## What is needed:
Everything from the line containing "this 1366×1536 image." to the last line of the records must be returned verbatim; nothing else belongs in the output.

- Opening Delimiter -

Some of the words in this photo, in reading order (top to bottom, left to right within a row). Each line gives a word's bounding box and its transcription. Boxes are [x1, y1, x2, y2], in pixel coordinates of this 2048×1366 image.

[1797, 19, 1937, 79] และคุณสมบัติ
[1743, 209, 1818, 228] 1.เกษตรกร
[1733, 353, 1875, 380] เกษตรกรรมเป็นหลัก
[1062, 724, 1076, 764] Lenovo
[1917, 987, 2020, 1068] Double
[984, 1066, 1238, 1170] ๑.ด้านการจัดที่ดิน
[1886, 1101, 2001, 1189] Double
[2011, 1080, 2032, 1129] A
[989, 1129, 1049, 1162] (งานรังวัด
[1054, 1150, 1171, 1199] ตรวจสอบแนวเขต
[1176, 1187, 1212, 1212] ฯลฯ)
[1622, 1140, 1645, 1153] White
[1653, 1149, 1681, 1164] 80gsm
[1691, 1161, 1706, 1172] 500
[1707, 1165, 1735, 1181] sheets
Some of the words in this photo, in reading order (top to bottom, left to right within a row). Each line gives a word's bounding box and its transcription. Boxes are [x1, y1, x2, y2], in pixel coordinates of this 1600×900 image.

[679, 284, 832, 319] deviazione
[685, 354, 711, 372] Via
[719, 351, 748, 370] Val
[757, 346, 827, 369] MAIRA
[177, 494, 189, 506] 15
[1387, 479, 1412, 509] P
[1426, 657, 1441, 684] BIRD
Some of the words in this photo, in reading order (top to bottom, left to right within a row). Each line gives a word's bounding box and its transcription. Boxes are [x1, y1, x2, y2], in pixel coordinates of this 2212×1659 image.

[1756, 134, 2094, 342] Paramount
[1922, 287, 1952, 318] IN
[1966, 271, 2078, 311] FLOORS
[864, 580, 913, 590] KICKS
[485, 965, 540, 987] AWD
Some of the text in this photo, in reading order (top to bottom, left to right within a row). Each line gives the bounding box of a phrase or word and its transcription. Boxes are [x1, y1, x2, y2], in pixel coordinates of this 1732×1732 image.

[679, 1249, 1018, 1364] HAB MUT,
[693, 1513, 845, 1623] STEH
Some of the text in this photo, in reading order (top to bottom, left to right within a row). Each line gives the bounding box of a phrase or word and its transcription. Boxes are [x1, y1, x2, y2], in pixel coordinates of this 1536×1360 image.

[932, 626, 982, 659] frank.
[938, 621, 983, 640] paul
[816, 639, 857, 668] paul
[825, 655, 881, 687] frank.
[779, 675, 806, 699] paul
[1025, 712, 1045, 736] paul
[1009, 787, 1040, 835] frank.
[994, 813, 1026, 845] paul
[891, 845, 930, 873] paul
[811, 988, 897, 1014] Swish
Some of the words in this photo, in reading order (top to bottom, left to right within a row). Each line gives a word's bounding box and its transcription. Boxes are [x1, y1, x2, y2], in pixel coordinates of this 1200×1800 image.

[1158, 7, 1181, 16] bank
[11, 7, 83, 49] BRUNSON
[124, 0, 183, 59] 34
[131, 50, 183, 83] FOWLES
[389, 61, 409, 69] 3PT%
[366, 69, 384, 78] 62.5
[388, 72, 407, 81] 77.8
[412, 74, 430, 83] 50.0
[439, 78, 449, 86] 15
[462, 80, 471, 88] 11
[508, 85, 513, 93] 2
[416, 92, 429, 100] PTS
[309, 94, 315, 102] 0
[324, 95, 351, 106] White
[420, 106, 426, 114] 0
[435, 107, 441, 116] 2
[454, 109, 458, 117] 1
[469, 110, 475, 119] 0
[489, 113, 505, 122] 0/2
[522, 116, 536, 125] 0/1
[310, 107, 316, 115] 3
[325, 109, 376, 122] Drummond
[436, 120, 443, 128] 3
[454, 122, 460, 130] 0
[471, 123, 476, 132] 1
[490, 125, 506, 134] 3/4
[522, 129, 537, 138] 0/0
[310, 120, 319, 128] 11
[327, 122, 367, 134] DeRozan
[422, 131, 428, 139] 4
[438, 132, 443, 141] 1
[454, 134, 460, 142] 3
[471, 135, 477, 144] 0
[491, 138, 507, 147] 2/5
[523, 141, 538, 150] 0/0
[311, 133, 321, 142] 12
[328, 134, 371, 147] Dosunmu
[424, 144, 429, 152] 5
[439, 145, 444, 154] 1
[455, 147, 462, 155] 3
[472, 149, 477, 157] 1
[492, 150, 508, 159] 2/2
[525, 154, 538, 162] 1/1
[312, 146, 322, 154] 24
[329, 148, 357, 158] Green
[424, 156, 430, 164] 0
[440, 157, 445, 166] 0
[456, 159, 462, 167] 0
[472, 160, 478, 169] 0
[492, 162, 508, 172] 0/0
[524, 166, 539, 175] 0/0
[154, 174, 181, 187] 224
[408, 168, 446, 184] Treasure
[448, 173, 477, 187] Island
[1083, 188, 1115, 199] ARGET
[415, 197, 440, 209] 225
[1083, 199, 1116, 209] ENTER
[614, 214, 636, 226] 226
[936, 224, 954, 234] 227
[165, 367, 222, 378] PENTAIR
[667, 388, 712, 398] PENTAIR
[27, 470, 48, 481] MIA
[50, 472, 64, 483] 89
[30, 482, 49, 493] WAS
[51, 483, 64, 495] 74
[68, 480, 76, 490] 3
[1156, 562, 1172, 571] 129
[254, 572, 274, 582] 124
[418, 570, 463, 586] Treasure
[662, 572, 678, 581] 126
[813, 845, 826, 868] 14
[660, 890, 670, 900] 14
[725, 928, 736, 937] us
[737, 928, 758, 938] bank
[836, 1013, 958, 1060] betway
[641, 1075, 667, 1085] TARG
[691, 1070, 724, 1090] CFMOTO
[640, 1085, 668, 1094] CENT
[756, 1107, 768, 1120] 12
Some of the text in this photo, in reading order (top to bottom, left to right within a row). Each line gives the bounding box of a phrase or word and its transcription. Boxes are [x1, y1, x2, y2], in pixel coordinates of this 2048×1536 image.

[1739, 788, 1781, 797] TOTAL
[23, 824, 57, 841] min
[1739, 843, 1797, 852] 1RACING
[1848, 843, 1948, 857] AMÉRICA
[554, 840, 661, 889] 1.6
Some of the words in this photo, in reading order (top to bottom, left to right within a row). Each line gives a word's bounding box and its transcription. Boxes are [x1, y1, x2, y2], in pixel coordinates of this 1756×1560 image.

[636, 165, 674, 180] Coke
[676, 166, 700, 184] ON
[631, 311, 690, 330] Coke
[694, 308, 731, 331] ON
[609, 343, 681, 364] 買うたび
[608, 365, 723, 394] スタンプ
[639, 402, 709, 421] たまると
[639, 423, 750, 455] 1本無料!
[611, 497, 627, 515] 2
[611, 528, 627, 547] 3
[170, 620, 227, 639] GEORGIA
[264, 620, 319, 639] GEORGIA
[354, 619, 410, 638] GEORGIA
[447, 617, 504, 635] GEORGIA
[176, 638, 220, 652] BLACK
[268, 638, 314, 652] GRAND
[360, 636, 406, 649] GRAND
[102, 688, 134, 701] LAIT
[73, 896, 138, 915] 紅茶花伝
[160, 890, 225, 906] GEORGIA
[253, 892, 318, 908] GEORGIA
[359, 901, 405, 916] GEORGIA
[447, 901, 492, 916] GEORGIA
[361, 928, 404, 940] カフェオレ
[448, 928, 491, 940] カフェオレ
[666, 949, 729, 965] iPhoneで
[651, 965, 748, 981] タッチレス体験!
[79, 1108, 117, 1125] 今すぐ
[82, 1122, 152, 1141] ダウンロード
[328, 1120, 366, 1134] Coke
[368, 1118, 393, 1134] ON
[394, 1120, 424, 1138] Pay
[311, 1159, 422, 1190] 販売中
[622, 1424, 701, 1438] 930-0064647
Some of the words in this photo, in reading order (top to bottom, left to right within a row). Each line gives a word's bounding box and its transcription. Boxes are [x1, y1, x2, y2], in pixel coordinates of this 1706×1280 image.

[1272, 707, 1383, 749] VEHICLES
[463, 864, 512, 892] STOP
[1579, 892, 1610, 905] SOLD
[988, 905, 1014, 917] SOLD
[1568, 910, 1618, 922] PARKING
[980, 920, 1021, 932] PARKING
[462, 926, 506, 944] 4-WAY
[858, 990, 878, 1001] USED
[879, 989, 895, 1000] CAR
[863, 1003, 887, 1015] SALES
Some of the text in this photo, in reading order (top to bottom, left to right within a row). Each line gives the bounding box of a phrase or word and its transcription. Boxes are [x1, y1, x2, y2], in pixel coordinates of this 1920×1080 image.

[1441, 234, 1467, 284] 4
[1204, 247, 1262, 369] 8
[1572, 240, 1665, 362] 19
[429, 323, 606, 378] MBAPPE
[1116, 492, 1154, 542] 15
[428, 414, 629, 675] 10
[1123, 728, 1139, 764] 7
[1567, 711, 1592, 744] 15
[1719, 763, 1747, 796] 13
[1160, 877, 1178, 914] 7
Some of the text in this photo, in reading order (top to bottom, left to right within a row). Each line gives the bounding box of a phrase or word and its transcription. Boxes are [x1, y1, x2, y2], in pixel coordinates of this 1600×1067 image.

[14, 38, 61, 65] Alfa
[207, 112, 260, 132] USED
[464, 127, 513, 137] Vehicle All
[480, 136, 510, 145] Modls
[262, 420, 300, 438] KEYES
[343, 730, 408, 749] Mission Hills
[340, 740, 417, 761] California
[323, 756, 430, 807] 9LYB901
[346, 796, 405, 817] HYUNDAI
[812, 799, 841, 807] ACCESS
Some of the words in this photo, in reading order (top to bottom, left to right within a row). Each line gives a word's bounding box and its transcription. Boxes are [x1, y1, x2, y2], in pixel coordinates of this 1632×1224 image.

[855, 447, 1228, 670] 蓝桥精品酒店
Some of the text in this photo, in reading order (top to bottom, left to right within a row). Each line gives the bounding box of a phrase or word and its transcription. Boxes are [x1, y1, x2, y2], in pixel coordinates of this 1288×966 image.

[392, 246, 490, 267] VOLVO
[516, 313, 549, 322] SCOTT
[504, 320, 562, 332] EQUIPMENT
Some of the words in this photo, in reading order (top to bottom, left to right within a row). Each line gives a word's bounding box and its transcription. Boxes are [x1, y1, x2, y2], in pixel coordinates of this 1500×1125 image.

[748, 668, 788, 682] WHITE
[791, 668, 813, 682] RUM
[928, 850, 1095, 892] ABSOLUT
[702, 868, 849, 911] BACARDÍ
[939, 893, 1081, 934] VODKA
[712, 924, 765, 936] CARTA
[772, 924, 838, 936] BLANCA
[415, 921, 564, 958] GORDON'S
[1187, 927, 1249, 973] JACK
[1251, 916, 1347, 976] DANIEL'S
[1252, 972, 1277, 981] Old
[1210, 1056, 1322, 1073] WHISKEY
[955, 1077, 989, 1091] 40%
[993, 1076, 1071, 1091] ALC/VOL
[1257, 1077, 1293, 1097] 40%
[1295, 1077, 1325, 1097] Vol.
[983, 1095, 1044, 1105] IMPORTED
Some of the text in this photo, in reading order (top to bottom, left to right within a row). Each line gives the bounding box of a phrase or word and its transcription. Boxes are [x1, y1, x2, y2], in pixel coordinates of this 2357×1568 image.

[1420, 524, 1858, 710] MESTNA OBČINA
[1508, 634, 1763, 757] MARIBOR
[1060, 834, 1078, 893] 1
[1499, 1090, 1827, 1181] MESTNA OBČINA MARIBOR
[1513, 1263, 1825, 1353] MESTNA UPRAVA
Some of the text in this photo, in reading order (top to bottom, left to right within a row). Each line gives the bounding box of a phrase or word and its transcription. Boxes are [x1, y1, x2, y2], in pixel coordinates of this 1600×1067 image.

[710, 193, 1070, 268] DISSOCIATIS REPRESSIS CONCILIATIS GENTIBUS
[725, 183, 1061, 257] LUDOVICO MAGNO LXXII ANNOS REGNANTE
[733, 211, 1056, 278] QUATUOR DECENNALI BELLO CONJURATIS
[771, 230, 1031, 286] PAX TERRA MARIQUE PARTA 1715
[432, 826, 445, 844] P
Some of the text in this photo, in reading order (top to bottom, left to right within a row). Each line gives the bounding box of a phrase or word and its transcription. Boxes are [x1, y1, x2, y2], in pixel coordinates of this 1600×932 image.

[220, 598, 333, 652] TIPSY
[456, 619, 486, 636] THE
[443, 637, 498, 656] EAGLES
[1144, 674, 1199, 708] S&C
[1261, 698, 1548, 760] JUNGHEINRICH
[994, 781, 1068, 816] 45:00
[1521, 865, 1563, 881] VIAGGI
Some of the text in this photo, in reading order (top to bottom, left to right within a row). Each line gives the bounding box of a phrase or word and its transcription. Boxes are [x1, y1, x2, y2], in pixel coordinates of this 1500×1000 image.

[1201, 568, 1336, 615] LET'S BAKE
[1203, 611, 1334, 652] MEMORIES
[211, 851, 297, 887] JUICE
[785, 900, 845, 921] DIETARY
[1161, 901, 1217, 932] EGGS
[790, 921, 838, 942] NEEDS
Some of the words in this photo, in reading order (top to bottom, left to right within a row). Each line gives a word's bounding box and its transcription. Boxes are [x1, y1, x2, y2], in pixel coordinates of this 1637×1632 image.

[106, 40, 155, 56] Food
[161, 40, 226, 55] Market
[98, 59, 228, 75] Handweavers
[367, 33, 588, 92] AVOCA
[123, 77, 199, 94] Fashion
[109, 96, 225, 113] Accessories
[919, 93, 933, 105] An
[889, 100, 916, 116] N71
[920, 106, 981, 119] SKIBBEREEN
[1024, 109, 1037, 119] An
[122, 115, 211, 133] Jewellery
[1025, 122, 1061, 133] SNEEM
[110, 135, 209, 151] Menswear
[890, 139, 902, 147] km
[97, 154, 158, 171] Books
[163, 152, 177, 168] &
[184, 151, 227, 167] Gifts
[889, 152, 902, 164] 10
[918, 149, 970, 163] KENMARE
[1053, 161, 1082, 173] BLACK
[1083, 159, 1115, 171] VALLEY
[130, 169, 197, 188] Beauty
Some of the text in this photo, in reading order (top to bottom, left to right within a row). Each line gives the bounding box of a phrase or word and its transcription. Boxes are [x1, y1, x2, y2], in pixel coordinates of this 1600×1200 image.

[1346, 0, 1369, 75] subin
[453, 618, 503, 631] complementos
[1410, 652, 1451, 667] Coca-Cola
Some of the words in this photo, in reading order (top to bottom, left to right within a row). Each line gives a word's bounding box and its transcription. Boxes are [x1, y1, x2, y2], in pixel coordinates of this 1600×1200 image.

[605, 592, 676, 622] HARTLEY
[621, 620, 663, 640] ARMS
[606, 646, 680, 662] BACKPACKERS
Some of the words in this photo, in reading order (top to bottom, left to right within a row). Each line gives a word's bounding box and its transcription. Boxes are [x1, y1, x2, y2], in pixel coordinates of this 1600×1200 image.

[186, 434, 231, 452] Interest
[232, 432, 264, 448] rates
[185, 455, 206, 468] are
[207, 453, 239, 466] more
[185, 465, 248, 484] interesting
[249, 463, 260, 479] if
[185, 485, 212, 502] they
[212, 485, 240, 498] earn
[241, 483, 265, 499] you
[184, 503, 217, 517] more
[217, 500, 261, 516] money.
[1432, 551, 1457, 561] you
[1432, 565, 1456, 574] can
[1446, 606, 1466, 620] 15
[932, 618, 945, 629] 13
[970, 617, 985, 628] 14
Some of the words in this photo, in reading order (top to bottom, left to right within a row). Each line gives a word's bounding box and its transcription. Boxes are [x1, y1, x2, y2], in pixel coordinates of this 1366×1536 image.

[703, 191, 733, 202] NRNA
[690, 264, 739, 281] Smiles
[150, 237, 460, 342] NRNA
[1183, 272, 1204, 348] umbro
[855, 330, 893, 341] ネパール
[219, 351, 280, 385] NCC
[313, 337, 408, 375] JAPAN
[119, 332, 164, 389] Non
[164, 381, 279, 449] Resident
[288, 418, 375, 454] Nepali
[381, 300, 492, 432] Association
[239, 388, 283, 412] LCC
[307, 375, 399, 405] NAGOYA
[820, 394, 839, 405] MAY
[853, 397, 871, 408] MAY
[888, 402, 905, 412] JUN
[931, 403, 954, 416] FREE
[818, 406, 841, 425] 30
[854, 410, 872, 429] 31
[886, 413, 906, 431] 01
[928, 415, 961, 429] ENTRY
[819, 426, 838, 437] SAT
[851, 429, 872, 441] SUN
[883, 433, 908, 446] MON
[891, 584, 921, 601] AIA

- Closing Delimiter -

## Answer to this task:
Some of the words in this photo, in reading order (top to bottom, left to right within a row). Each line gives a word's bounding box and its transcription. Boxes are [x1, y1, x2, y2], in pixel coordinates of this 1366×1536 image.

[703, 191, 733, 202] NRNA
[690, 264, 739, 281] Smiles
[150, 237, 460, 342] NRNA
[1183, 272, 1204, 348] umbro
[855, 330, 893, 341] ネパール
[219, 351, 280, 385] NCC
[313, 337, 408, 375] JAPAN
[119, 332, 164, 389] Non
[164, 381, 279, 449] Resident
[288, 418, 375, 454] Nepali
[381, 300, 492, 432] Association
[239, 388, 283, 412] LCC
[307, 375, 399, 405] NAGOYA
[820, 394, 839, 405] MAY
[853, 397, 871, 408] MAY
[888, 402, 905, 412] JUN
[931, 403, 954, 416] FREE
[818, 406, 841, 425] 30
[854, 410, 872, 429] 31
[886, 413, 906, 431] 01
[928, 415, 961, 429] ENTRY
[819, 426, 838, 437] SAT
[851, 429, 872, 441] SUN
[883, 433, 908, 446] MON
[891, 584, 921, 601] AIA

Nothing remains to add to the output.